• **What is being asked**
Every record must appear in the answer exactly as it stands.

┌──

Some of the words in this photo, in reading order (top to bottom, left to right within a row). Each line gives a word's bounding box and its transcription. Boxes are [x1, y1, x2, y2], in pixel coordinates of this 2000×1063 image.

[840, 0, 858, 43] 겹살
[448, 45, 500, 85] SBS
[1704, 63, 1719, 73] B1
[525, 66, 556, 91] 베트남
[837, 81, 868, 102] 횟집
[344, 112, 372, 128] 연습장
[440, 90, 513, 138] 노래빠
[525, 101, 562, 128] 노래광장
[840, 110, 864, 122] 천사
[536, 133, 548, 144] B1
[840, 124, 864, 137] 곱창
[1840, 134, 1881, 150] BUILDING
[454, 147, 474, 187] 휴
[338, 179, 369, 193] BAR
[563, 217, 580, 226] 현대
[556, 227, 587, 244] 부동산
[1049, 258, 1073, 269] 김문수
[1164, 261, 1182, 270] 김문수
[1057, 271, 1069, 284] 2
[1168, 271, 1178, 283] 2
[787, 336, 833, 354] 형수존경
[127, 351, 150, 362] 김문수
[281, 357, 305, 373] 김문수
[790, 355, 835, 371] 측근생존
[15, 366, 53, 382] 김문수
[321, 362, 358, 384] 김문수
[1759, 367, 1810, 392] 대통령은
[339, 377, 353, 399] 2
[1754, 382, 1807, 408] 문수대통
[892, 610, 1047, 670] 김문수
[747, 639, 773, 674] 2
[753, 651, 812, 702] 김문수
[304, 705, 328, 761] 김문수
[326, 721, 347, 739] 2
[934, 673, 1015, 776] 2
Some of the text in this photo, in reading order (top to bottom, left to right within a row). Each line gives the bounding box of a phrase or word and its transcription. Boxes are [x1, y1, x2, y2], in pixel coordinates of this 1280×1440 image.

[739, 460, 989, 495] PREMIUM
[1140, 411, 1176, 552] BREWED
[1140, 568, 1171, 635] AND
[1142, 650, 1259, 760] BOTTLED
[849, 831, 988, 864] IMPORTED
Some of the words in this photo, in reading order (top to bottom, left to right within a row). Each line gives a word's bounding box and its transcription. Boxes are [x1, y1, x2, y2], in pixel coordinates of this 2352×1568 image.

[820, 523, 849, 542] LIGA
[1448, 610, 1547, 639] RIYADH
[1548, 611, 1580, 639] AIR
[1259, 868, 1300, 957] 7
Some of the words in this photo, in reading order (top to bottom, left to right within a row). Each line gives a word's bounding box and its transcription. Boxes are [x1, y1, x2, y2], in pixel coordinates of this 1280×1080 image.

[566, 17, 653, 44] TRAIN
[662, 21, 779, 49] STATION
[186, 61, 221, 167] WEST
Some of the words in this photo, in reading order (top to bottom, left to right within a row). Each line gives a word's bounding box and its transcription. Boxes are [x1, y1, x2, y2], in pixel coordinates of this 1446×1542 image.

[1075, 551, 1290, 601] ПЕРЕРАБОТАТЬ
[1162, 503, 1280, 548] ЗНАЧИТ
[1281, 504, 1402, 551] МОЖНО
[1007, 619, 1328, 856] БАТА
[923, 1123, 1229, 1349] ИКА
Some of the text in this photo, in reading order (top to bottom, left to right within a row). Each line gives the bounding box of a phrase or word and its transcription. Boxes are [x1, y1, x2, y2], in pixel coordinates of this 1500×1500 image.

└──

• **Result**
Some of the words in this photo, in reading order (top to bottom, left to right within a row). Each line gives a word's bounding box and its transcription. Boxes are [x1, y1, x2, y2], in pixel coordinates of this 2000×1063 image.

[840, 0, 858, 43] 겹살
[448, 45, 500, 85] SBS
[1704, 63, 1719, 73] B1
[525, 66, 556, 91] 베트남
[837, 81, 868, 102] 횟집
[344, 112, 372, 128] 연습장
[440, 90, 513, 138] 노래빠
[525, 101, 562, 128] 노래광장
[840, 110, 864, 122] 천사
[536, 133, 548, 144] B1
[840, 124, 864, 137] 곱창
[1840, 134, 1881, 150] BUILDING
[454, 147, 474, 187] 휴
[338, 179, 369, 193] BAR
[563, 217, 580, 226] 현대
[556, 227, 587, 244] 부동산
[1049, 258, 1073, 269] 김문수
[1164, 261, 1182, 270] 김문수
[1057, 271, 1069, 284] 2
[1168, 271, 1178, 283] 2
[787, 336, 833, 354] 형수존경
[127, 351, 150, 362] 김문수
[281, 357, 305, 373] 김문수
[790, 355, 835, 371] 측근생존
[15, 366, 53, 382] 김문수
[321, 362, 358, 384] 김문수
[1759, 367, 1810, 392] 대통령은
[339, 377, 353, 399] 2
[1754, 382, 1807, 408] 문수대통
[892, 610, 1047, 670] 김문수
[747, 639, 773, 674] 2
[753, 651, 812, 702] 김문수
[304, 705, 328, 761] 김문수
[326, 721, 347, 739] 2
[934, 673, 1015, 776] 2
Some of the text in this photo, in reading order (top to bottom, left to right within a row). Each line gives the bounding box of a phrase or word and its transcription. Boxes are [x1, y1, x2, y2], in pixel coordinates of this 1280×1440 image.

[739, 460, 989, 495] PREMIUM
[1140, 411, 1176, 552] BREWED
[1140, 568, 1171, 635] AND
[1142, 650, 1259, 760] BOTTLED
[849, 831, 988, 864] IMPORTED
Some of the words in this photo, in reading order (top to bottom, left to right within a row). Each line gives a word's bounding box and its transcription. Boxes are [x1, y1, x2, y2], in pixel coordinates of this 2352×1568 image.

[820, 523, 849, 542] LIGA
[1448, 610, 1547, 639] RIYADH
[1548, 611, 1580, 639] AIR
[1259, 868, 1300, 957] 7
Some of the words in this photo, in reading order (top to bottom, left to right within a row). Each line gives a word's bounding box and its transcription. Boxes are [x1, y1, x2, y2], in pixel coordinates of this 1280×1080 image.

[566, 17, 653, 44] TRAIN
[662, 21, 779, 49] STATION
[186, 61, 221, 167] WEST
Some of the words in this photo, in reading order (top to bottom, left to right within a row). Each line gives a word's bounding box and its transcription. Boxes are [x1, y1, x2, y2], in pixel coordinates of this 1446×1542 image.

[1075, 551, 1290, 601] ПЕРЕРАБОТАТЬ
[1162, 503, 1280, 548] ЗНАЧИТ
[1281, 504, 1402, 551] МОЖНО
[1007, 619, 1328, 856] БАТА
[923, 1123, 1229, 1349] ИКА
Some of the text in this photo, in reading order (top to bottom, left to right within a row). Each line gives the bounding box of a phrase or word and its transcription. Boxes are [x1, y1, x2, y2], in pixel coordinates of this 1500×1500 image.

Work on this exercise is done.